Justin Sullivan | Getty Images
It’s been almost eight months since Chinese scientists first identified the coronavirus and doctors are still discovering new symptoms that can ravage the body and leave lasting damage months after recovering from Covid-19.
While more than 813,000 people have died from the disease, a majority of the more than 23.6 million people with confirmed infections have recovered. But it hasn’t affected all of them the same. Once thought of as just a respiratory illness, Covid-19 is marked as much by the variety of potentially perilous ways it harms the body as it is for the signature pneumonia it often causes, alarming doctors and public health officials.
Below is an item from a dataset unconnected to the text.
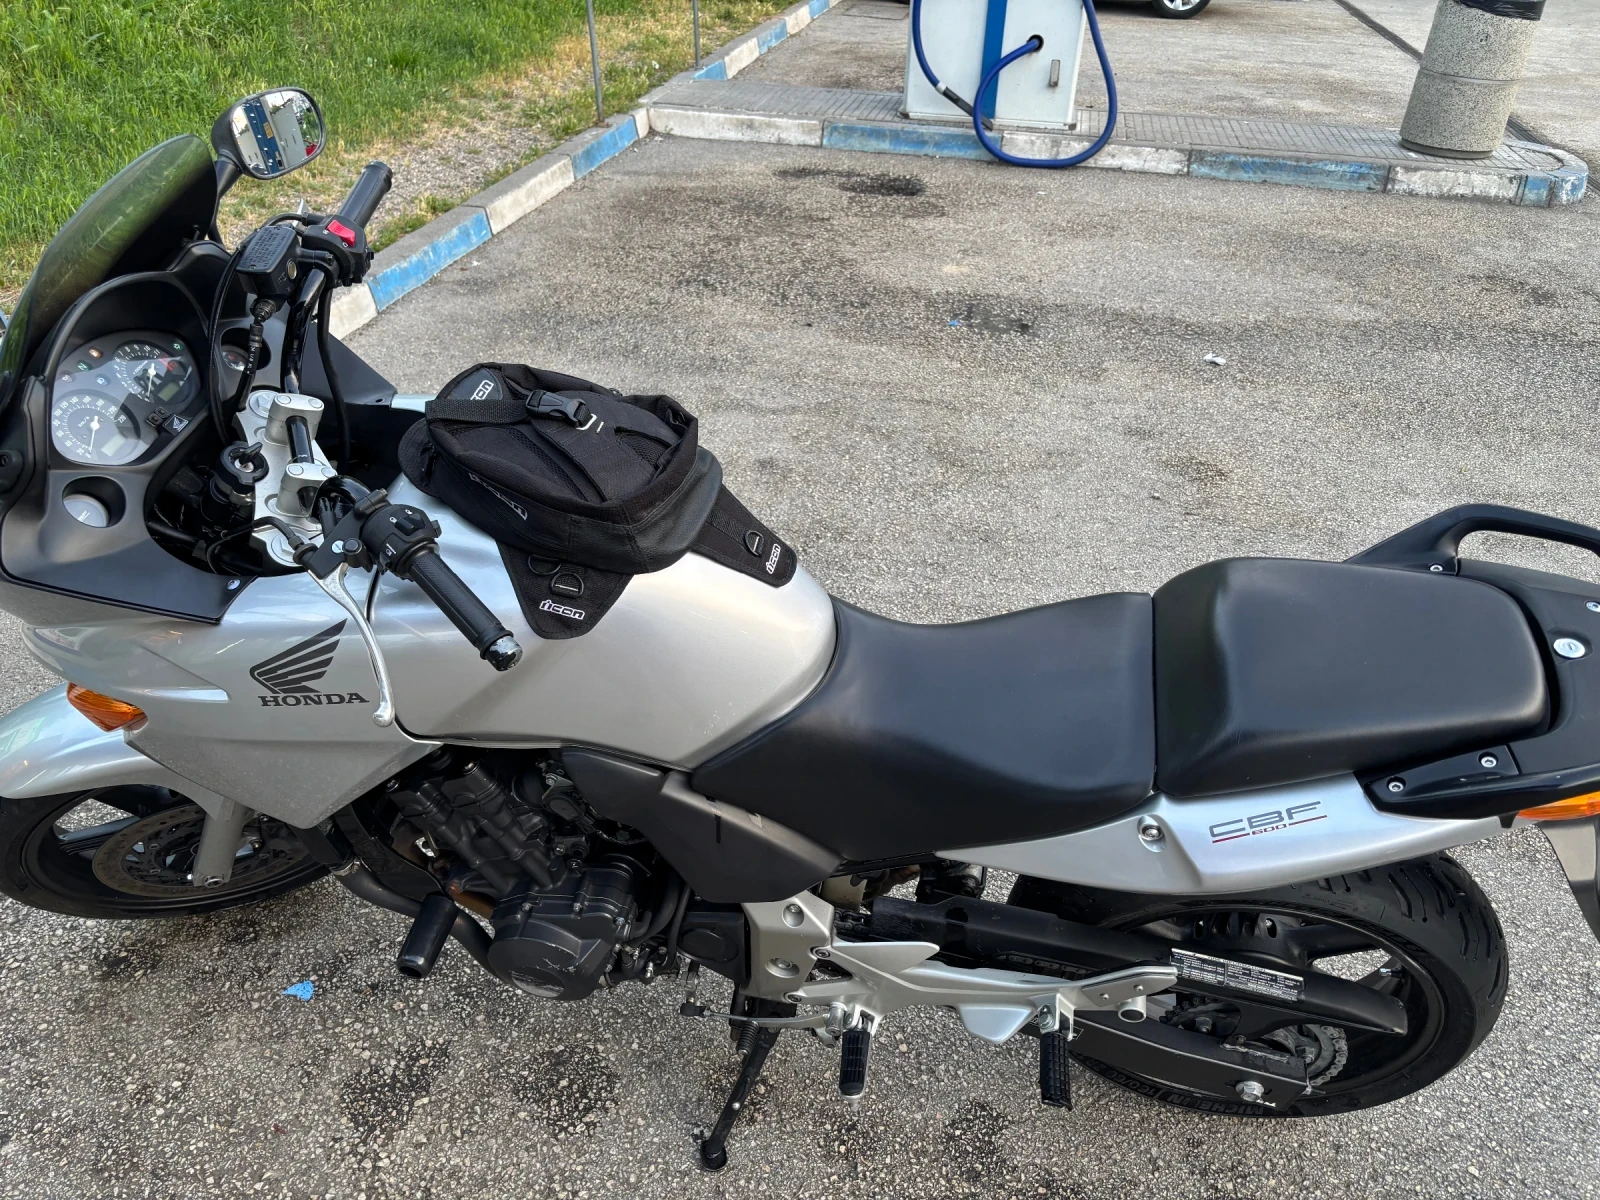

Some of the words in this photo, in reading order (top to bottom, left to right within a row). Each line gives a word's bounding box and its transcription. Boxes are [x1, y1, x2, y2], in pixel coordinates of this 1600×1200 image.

Because the coronavirus attacks a variety of types of cells in the body, there isn’t one thing that connects every symptom or one treatment that seems to help every case.
Doctors know Covid-19 can be unpredictable, stressing virtually every system in the body, including the heart, kidneys and the brain. Some patients may suffer long-lasting nerve damage that impacts their ability to walk or smell, while others have continuous coughing fits and struggle to breathe, scientists and health officials say.
“We have to come to grips that Covid might kill me, but it could also debilitate you over a significant period of time. And therefore we have to take it seriously,” Dr. Mike Ryan, executive director of the World Health Organization’s health emergencies program, said during a Q&A on July 29. “We have to take protecting ourselves and protecting others seriously. At some level, we have the right to potentially risk harm to ourselves. We have no right to risk harm to others.”
Below is a look at what we know the coronavirus does to the body:
Common symptoms
Researchers say symptoms can vary depending on the severity of the disease. According to an early estimate from the WHO, about 80% of Covid-19 cases are either mild or asymptomatic, meaning the person never develops symptoms.
The most common symptoms among people who are not hospitalized with Covid-19 are dry cough, tiredness and fever, according to the WHO. Some patients may have muscle or body aches, a headache, nasal congestion, runny nose or sore throat, the agency said. Many people also experience symptoms such as nausea, vomiting or diarrhea, sometimes prior to developing a fever, according to the Centers for Disease Control and Prevention.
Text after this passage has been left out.